> [REQUIRED WORK] Where an entry contains an image, leave the image out; restate everything else exactly.

> [DATASET EXCERPTS]
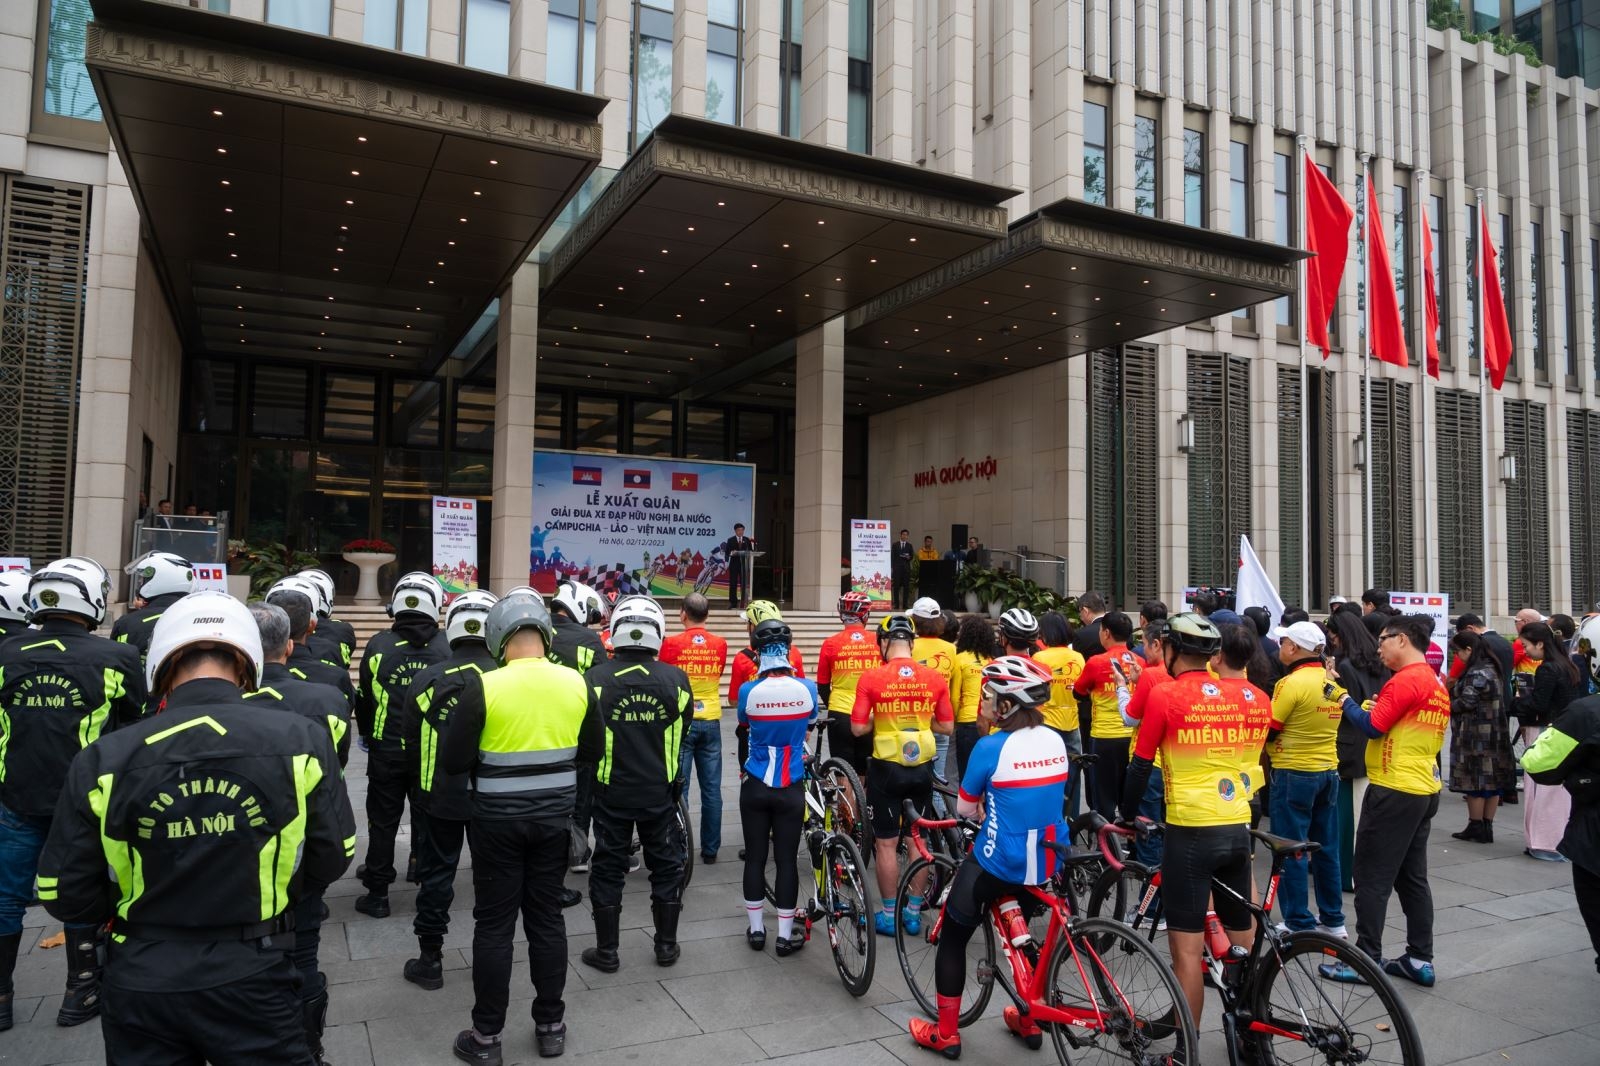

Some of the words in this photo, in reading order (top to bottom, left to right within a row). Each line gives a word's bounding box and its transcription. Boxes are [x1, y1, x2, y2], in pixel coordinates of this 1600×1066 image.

[915, 466, 937, 488] NHÀ
[940, 457, 973, 484] QUỐC
[976, 455, 996, 481] HỘI
[586, 490, 600, 505] LỄ
[604, 492, 638, 507] XUẤT
[642, 496, 680, 509] QUÂN
[551, 506, 571, 518] GIẢI
[574, 508, 592, 518] ĐUA
[594, 510, 606, 518] XE
[608, 511, 626, 521] ĐẠP
[629, 510, 646, 520] HỮU
[649, 513, 670, 524] NGHỊ
[673, 514, 684, 522] BA
[687, 513, 712, 524] NƯỚC
[545, 522, 601, 532] CAMPUCHIA
[638, 524, 654, 536] VIỆT
[656, 526, 676, 535] NAM
[678, 527, 694, 536] CLV
[696, 528, 716, 536] 2023
[408, 662, 428, 670] THÀN
[26, 694, 43, 706] HÀ
[45, 694, 65, 708] NỘI
[625, 710, 638, 721] HÀ
[640, 710, 655, 723] NỘI
[1222, 714, 1234, 722] TAY
[1177, 724, 1224, 744] MIỀN
[1014, 756, 1065, 770] MIMECO
[178, 776, 241, 799] THÀNH
[166, 816, 197, 838] HÀ
[201, 812, 236, 836] NỘI
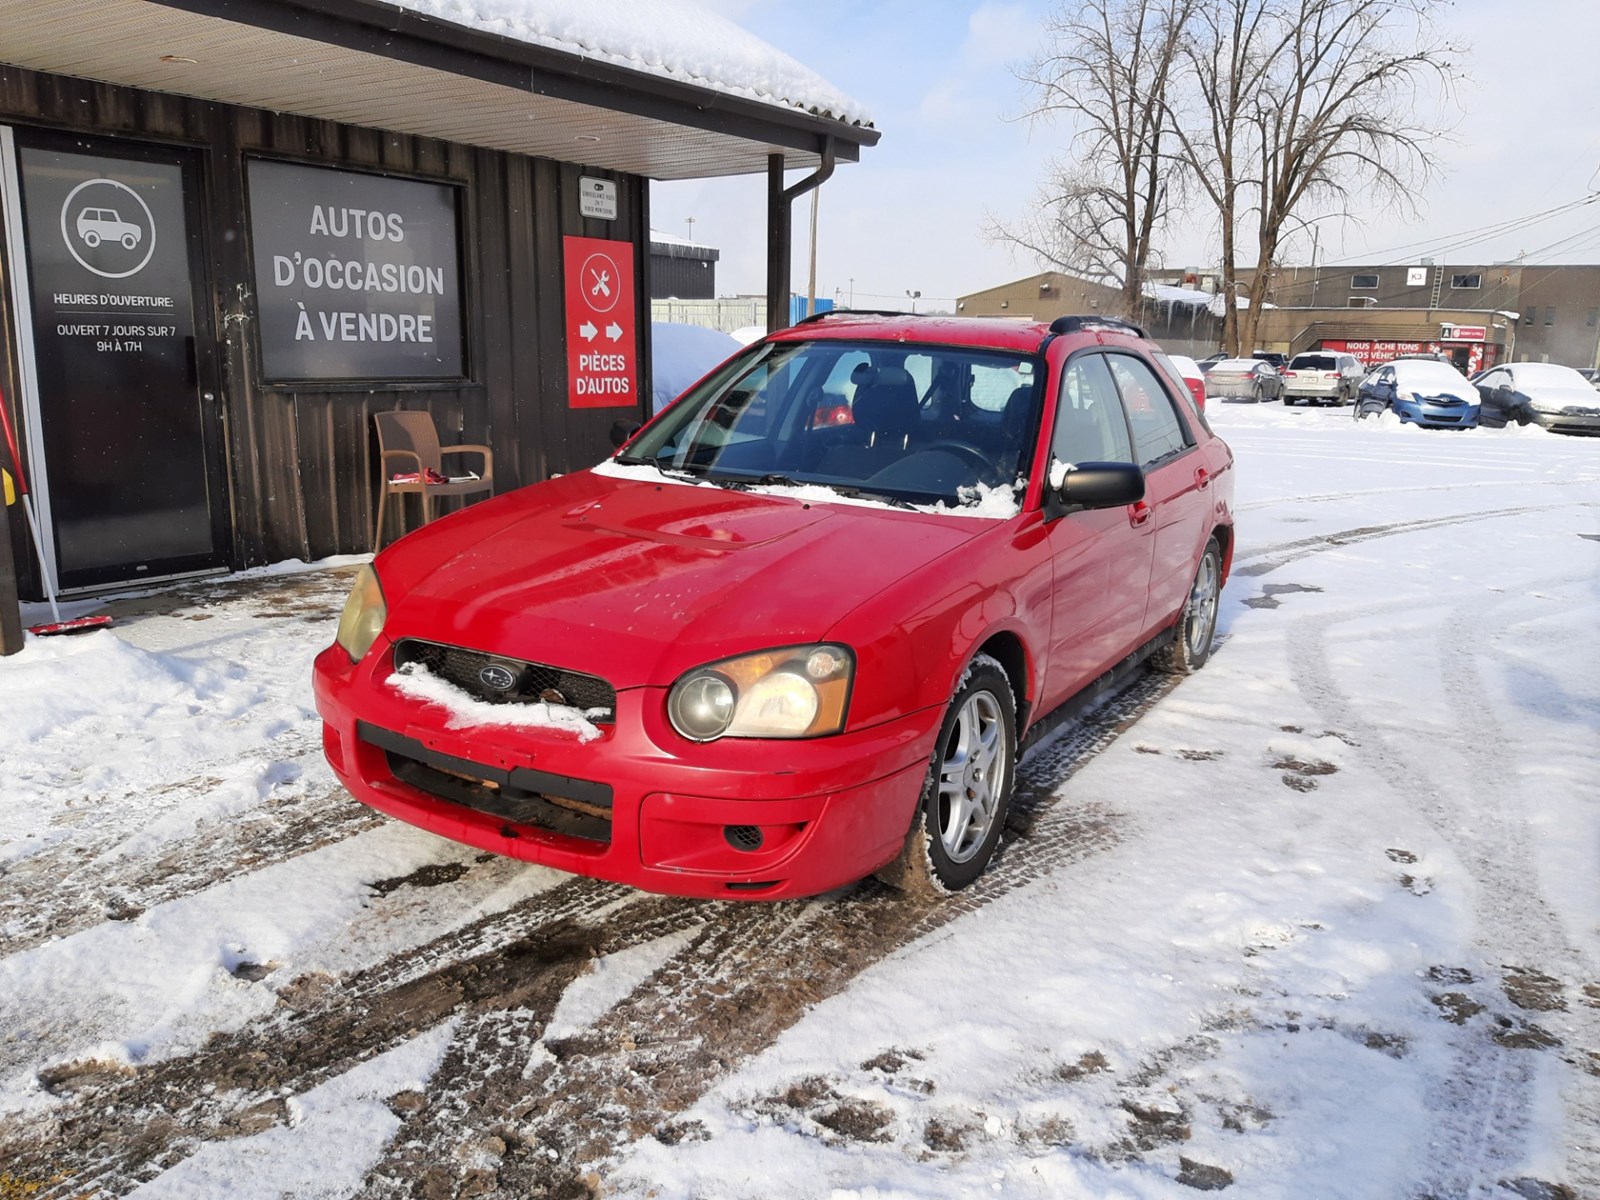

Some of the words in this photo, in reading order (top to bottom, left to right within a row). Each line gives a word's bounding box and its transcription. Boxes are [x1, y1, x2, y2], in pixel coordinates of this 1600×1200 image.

[309, 205, 404, 242] AUTOS
[53, 293, 99, 306] HEURES
[57, 324, 101, 336] OUVERT
[102, 325, 110, 336] 7
[111, 325, 146, 337] JOURS
[147, 326, 169, 337] SUR
[170, 326, 176, 337] 7
[295, 301, 315, 341] À
[318, 311, 433, 343] VENDRE
[96, 341, 113, 352] 9H
[114, 338, 123, 352] À
[123, 341, 143, 352] 17H
[1346, 342, 1370, 350] NOUS
[579, 349, 626, 372] PIÈCES
[576, 375, 630, 395] D'AUTOS
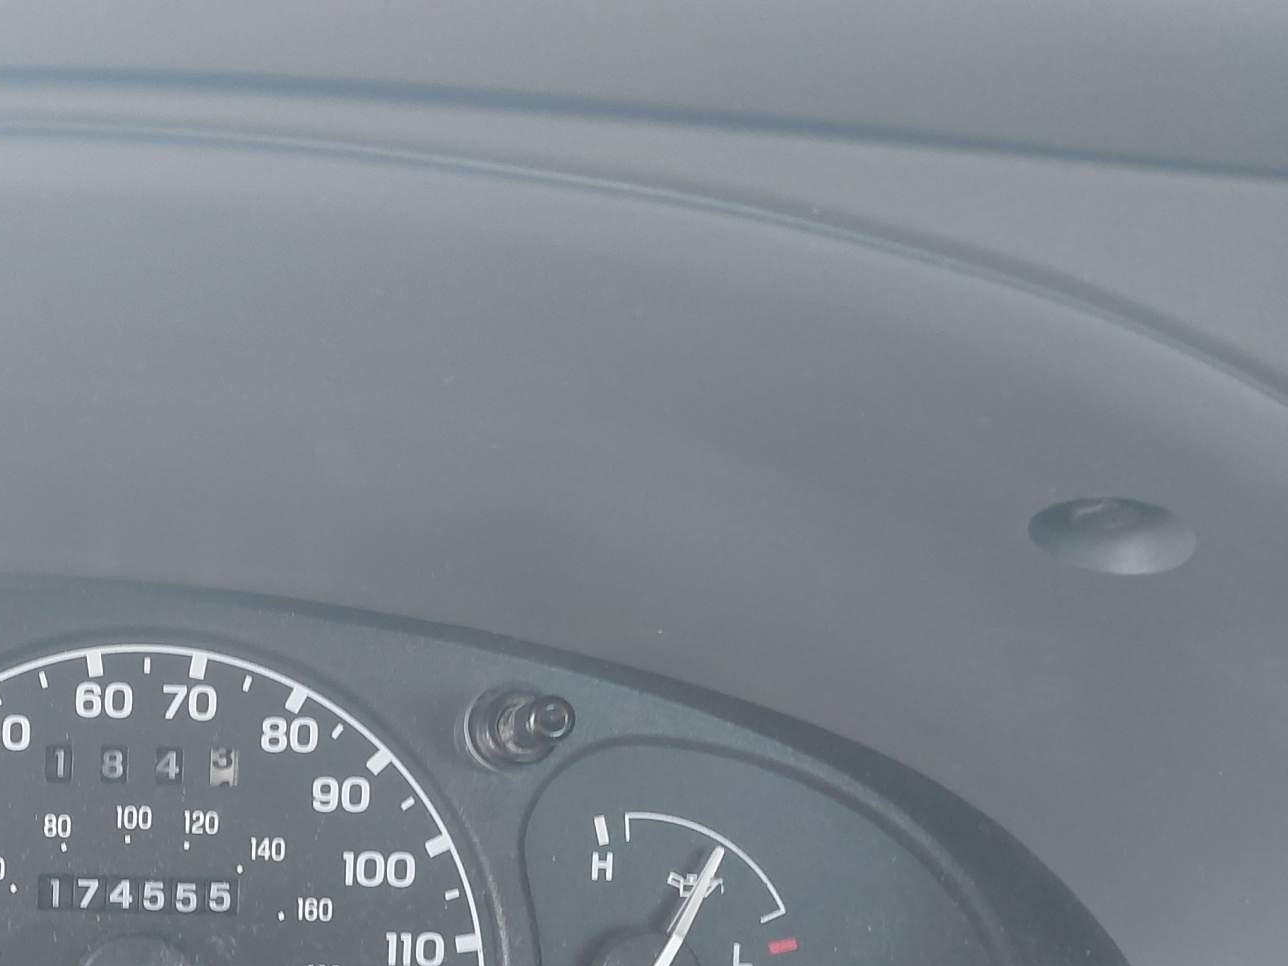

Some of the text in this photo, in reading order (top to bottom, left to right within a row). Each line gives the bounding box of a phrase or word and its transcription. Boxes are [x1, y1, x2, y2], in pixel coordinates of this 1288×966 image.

> [REPLY]
Some of the words in this photo, in reading order (top to bottom, left to right within a row). Each line gives a word's bounding box and its transcription. Boxes are [x1, y1, x2, y2], in pixel coordinates of this 1600×1066 image.

[915, 466, 937, 488] NHÀ
[940, 457, 973, 484] QUỐC
[976, 455, 996, 481] HỘI
[586, 490, 600, 505] LỄ
[604, 492, 638, 507] XUẤT
[642, 496, 680, 509] QUÂN
[551, 506, 571, 518] GIẢI
[574, 508, 592, 518] ĐUA
[594, 510, 606, 518] XE
[608, 511, 626, 521] ĐẠP
[629, 510, 646, 520] HỮU
[649, 513, 670, 524] NGHỊ
[673, 514, 684, 522] BA
[687, 513, 712, 524] NƯỚC
[545, 522, 601, 532] CAMPUCHIA
[638, 524, 654, 536] VIỆT
[656, 526, 676, 535] NAM
[678, 527, 694, 536] CLV
[696, 528, 716, 536] 2023
[408, 662, 428, 670] THÀN
[26, 694, 43, 706] HÀ
[45, 694, 65, 708] NỘI
[625, 710, 638, 721] HÀ
[640, 710, 655, 723] NỘI
[1222, 714, 1234, 722] TAY
[1177, 724, 1224, 744] MIỀN
[1014, 756, 1065, 770] MIMECO
[178, 776, 241, 799] THÀNH
[166, 816, 197, 838] HÀ
[201, 812, 236, 836] NỘI

Some of the words in this photo, in reading order (top to bottom, left to right within a row). Each line gives a word's bounding box and its transcription. Boxes are [x1, y1, x2, y2], in pixel coordinates of this 1600×1200 image.

[309, 205, 404, 242] AUTOS
[53, 293, 99, 306] HEURES
[57, 324, 101, 336] OUVERT
[102, 325, 110, 336] 7
[111, 325, 146, 337] JOURS
[147, 326, 169, 337] SUR
[170, 326, 176, 337] 7
[295, 301, 315, 341] À
[318, 311, 433, 343] VENDRE
[96, 341, 113, 352] 9H
[114, 338, 123, 352] À
[123, 341, 143, 352] 17H
[1346, 342, 1370, 350] NOUS
[579, 349, 626, 372] PIÈCES
[576, 375, 630, 395] D'AUTOS

Some of the text in this photo, in reading order (top to bottom, left to right within a row). Each line gives the bounding box of a phrase or word and its transcription. Boxes are [x1, y1, x2, y2], in pixel coordinates of this 1288×966 image.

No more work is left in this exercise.